Express & Star

Theresa May exclusive: Can the Prime Minister see off Jeremy Corbyn's late surge?

Worryingly for those of a Tory persuasion, the Conservative General Election campaign is starting to mirror the abominable Remain effort in the EU referendum.

Published
Last updated
The Prime Minster in Wolverhampton

It is a campaign with one essential warning that is being hammered home at every opportunity: whatever you do, don't vote for Jeremy Corbyn.

It harks back to the opposition to Brexit, which was based around the warning that voting to leave the EU would send Britain plunging into recession.

For Theresa May it has been a testing past fortnight. Prior to the terrorist atrocity in Manchester she performed an embarrassing U-turn over social care plans that had only been revealed days earlier in her party's manifesto.

The old 'Theresa Maybe' headlines from earlier this year were being dragged out again. We were given a reminder of her other 2017 U-turns over National Insurance and holding an election.

Meanwhile the gap in the opinion polls continued to narrow.

WATCH: Theresa May speaks exclusively to the Express & Star

However, despite the failure of Remain, history has told us that political campaigns tend to work best if they focus on one simple message.

Yesterday in the Black Country Mrs May launched the final stage of the Tory campaign - and she was in her element.

Mrs May insisted she was the right person to lead us through the Brexit negotiations and coloured her speech with a large helping of her now customary bashing of Jeremy Corbyn.

Some would argue that the Labour leader needs no help when it comes to making himself look daft.

Indeed, a few hours before Mrs May took the stage at Wolverhampton's Grand Station, Mr Corbyn was getting in a right old pickle over his party's plan for free childcare costs.

But lambasting Mr Corbyn has become a central feature of the Tory campaign, so much so that Tom Watson has accused Mrs May of 'viciously' attacking him to make up for her party's weak policies.
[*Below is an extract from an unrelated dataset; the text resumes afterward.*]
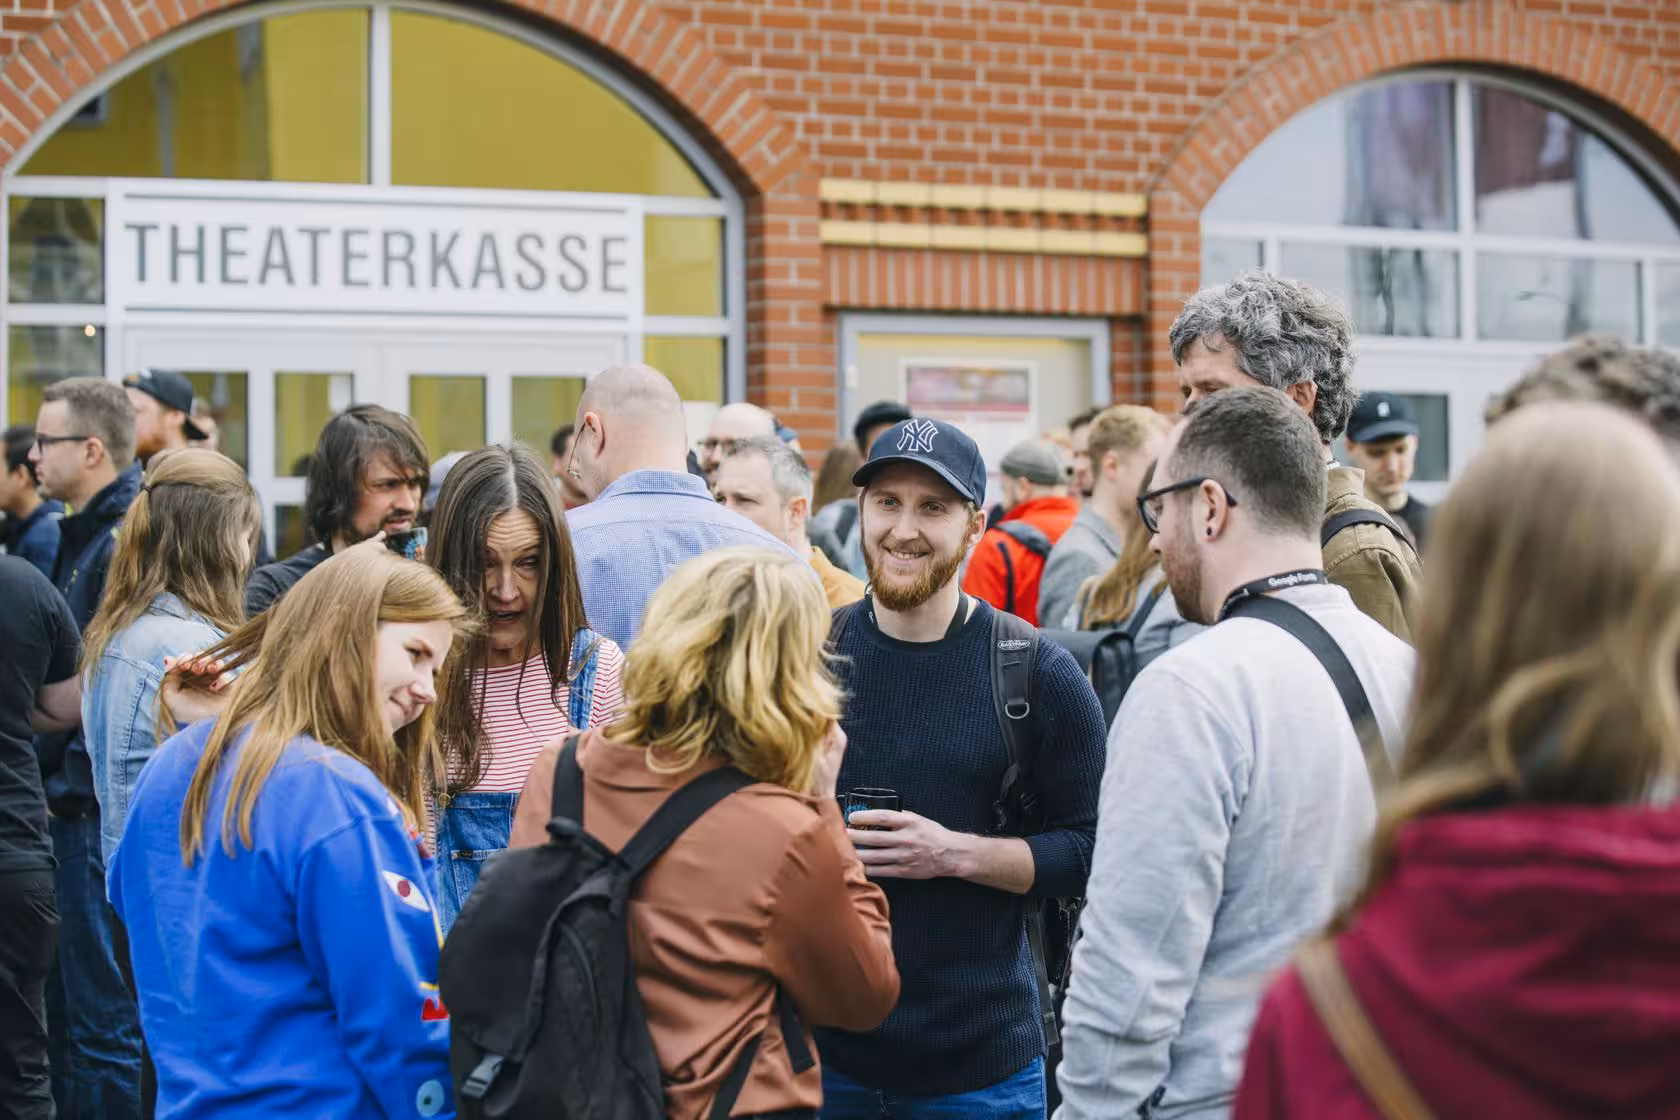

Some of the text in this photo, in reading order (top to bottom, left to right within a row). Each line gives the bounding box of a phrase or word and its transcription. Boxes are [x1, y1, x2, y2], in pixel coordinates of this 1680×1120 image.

Mrs May smiled when I asked for her views on Mr Watson's comment. She denied she was feeling the heat of Labour's revival in the past fortnight and added: "I've based my campaign on setting out for people the great challenges that we face in this country and the challenges that the new government coming in will face.
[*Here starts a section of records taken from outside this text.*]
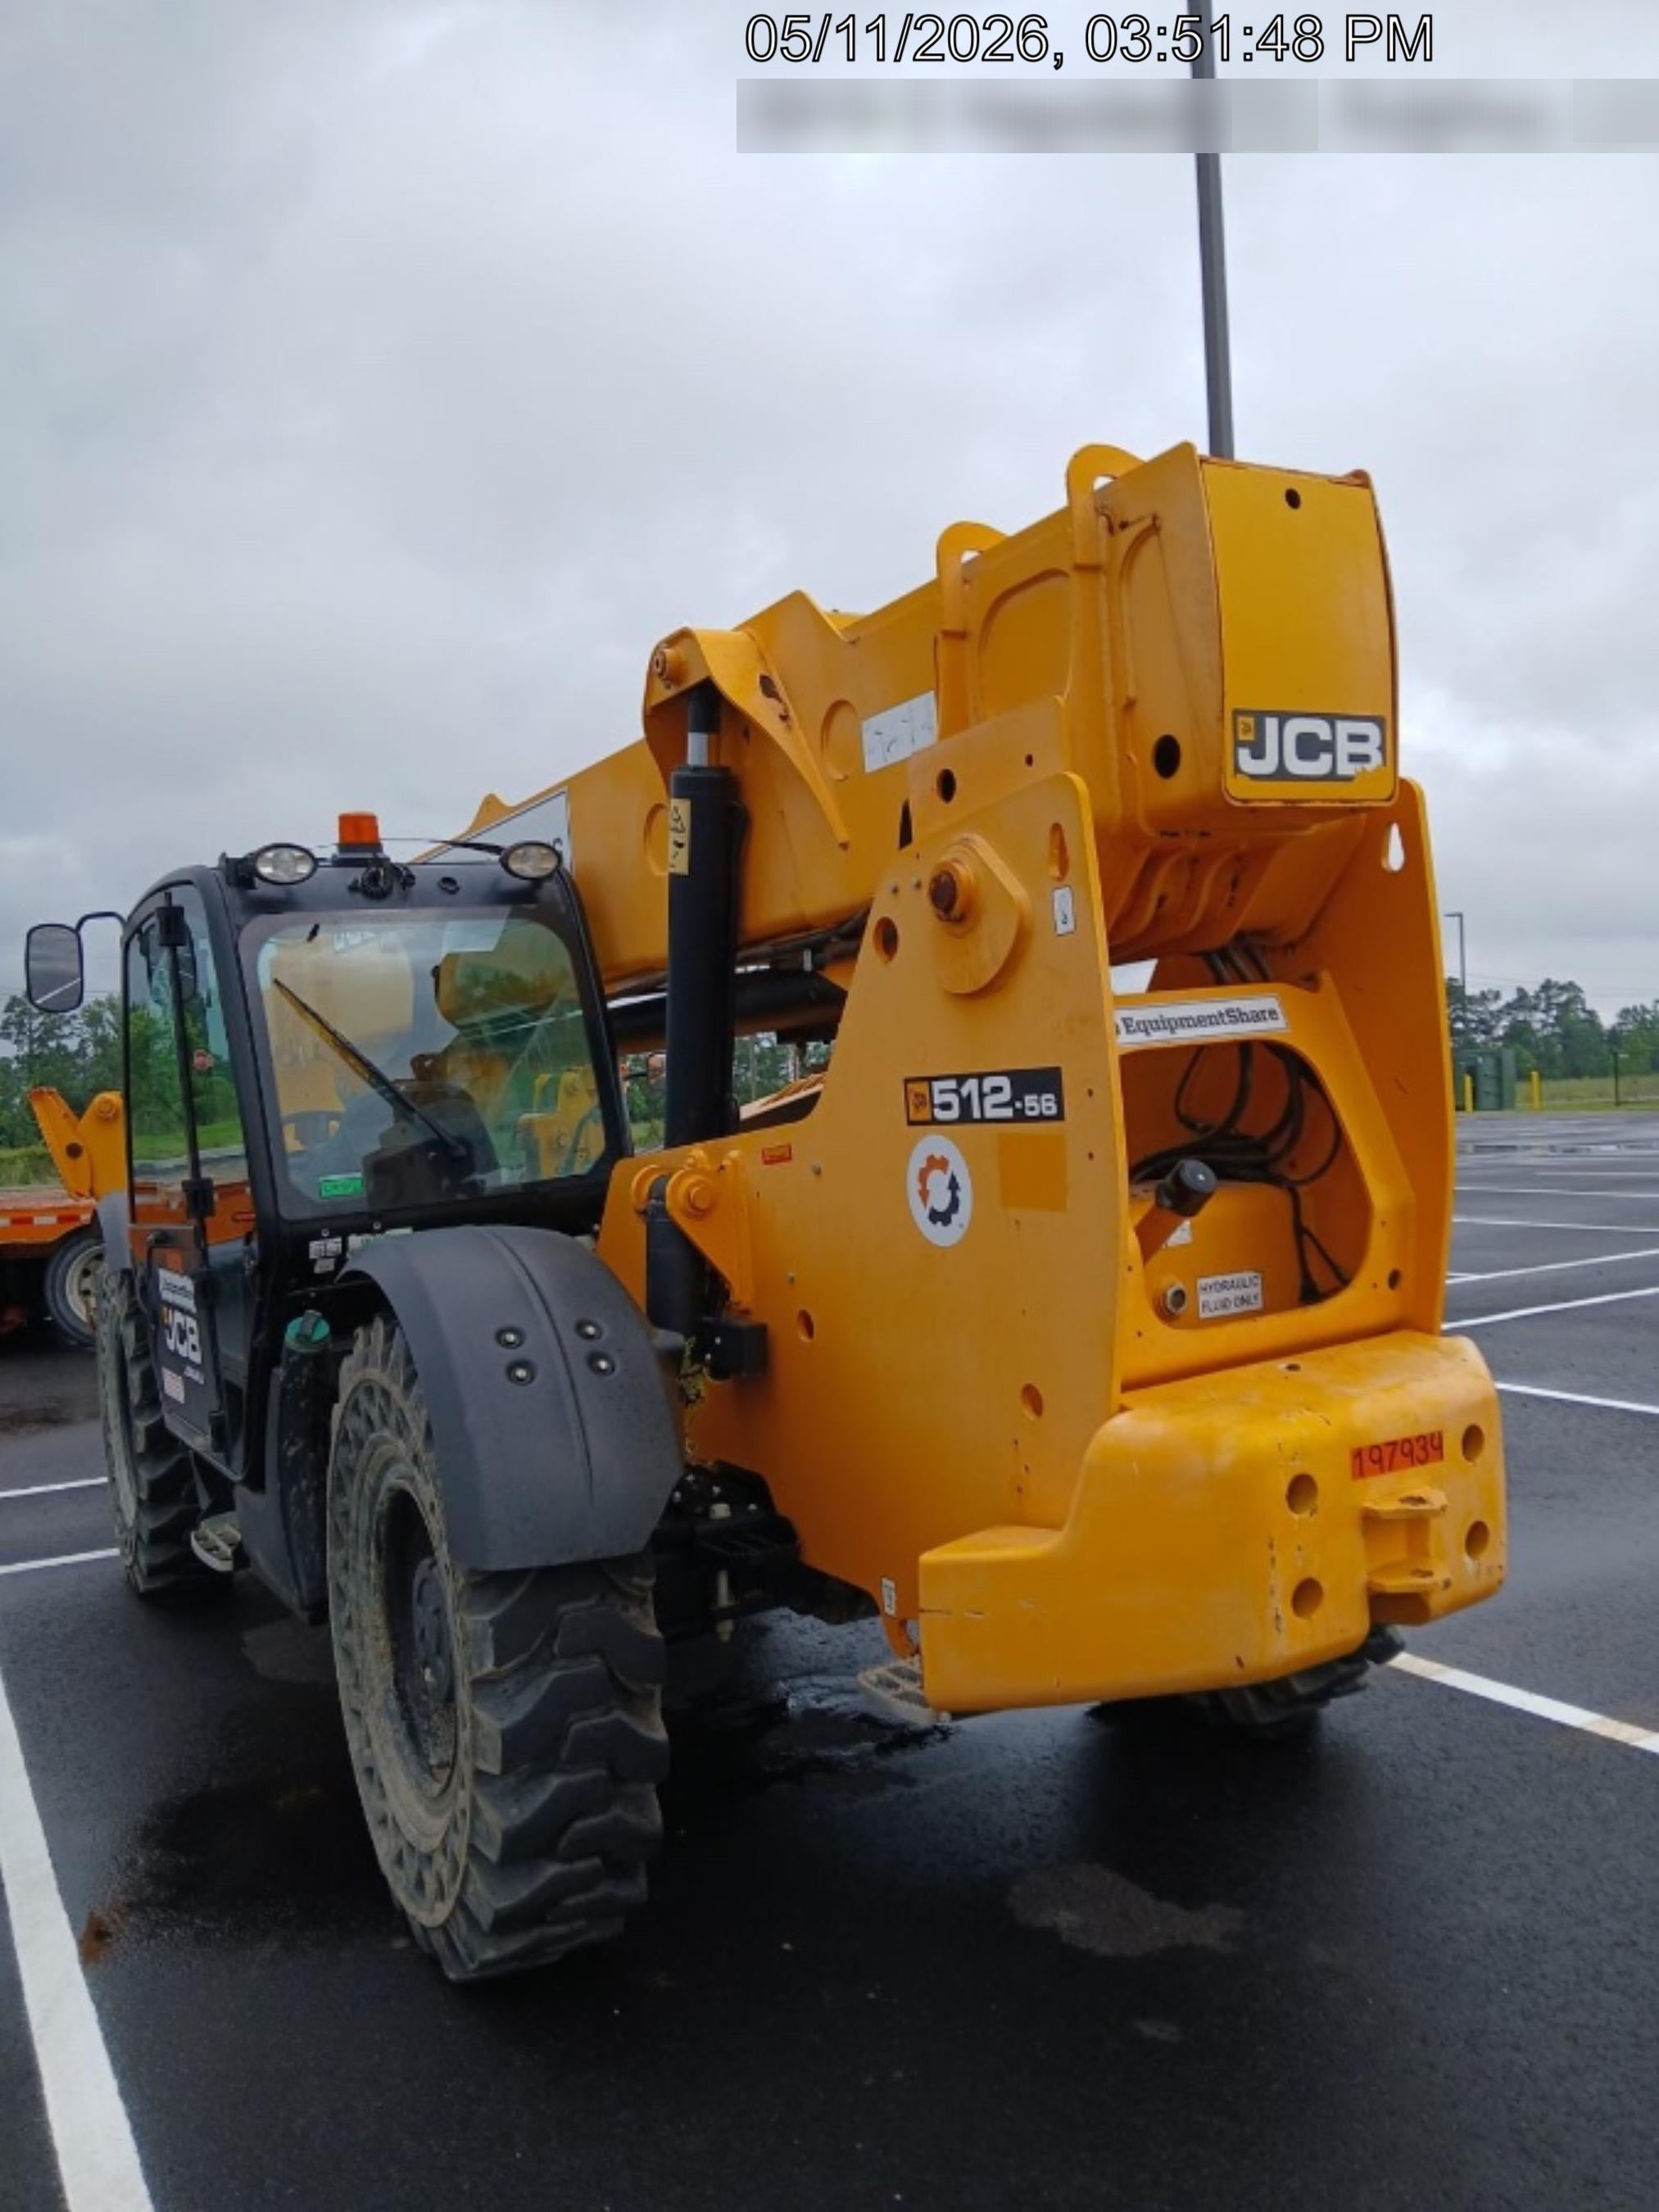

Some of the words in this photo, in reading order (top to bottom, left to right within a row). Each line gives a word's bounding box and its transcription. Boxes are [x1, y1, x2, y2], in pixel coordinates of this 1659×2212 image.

[1238, 717, 1383, 776] JCB
[1122, 1008, 1278, 1036] EquipmentShare
[931, 1075, 1058, 1122] 512-56
[165, 1308, 202, 1364] JCB
[1353, 1430, 1444, 1478] 197934
"One of those key challenges is Brexit, because if we make a success of Brexit it makes all the other things so much easier.
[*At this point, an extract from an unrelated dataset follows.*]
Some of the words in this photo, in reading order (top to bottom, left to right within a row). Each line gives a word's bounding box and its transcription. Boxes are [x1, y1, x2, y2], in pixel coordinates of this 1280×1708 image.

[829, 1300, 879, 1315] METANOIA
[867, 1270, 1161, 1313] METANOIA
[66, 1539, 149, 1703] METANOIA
"If we don't make a success of Brexit it makes the other things we want to do harder to achieve.

"It is a clear choice for people. There is only one of two people who can be Prime Minister.

"You can either have me and a strong Conservative majority government, or Jeremy Corbyn in a coalition that would not be strong going into the Brexit negotiations."

She added that a Labour victory on June 8 would be perilous for Britain with Brexit negotiations due to start just 11 days later.

"That's when we need to have a Prime Minister and a government who knows what they are doing and has a clear plan," she said.

"Jeremy Corbyn says he will tear up any plans that we have put on the table, so he will be going into that negotiation without a plan for what to do and potentially still trying to form a government."

Mrs May denied she was now regarded as an indecisive leader after apparently changing her mind over a series of key issues since the start of the year.

On social care she insists she sought to clarify her position on the issue due to 'scaremongering' from Labour.

"I have identified the ageing society and social care as one of the great challenges this country faces," she told me.

"I think it's really important that we recognise this and that we start to do something about it.

"If we don't do something now the social care system will collapse. I want to ensure we have a long term solution which is sustainable, so people don't have to sell their home during their lifetime to pay social care bills.

"They can guarantee £100,000 to pass onto their families and there will be a cap on the absolute level of care costs they have to pay.

"The reason I spoke about the cap is because when we first launched the manifesto with the key principles there was a lot of scaremongering.

"I heard that scaremongering and I recognised that people could be worried by that, so I clarified what I would put in our consultation."

The Prime Minister's decision to call an early election drew widespread criticism, particularly after she had repeated said there would not be one.

But she says the efforts of other parties 'intent on trying to frustrate the Brexit negotiations' forced her hand.

"That's why I thought it was right to go to the country and say to people that they had a clear choice about how to go forward in these negotiations," she said.

"And that's why I say every vote for me and my local candidate is a vote to strengthen my hand in those Brexit negotiations.

"Otherwise the Lib Dems the Scottish Nationalists have made it very clear they would prop up Jeremy Corbyn in a coalition government."

It is a simple message, repeated often. Whether its is powerful enough to present Mrs May with the majority she craves remains to be seen.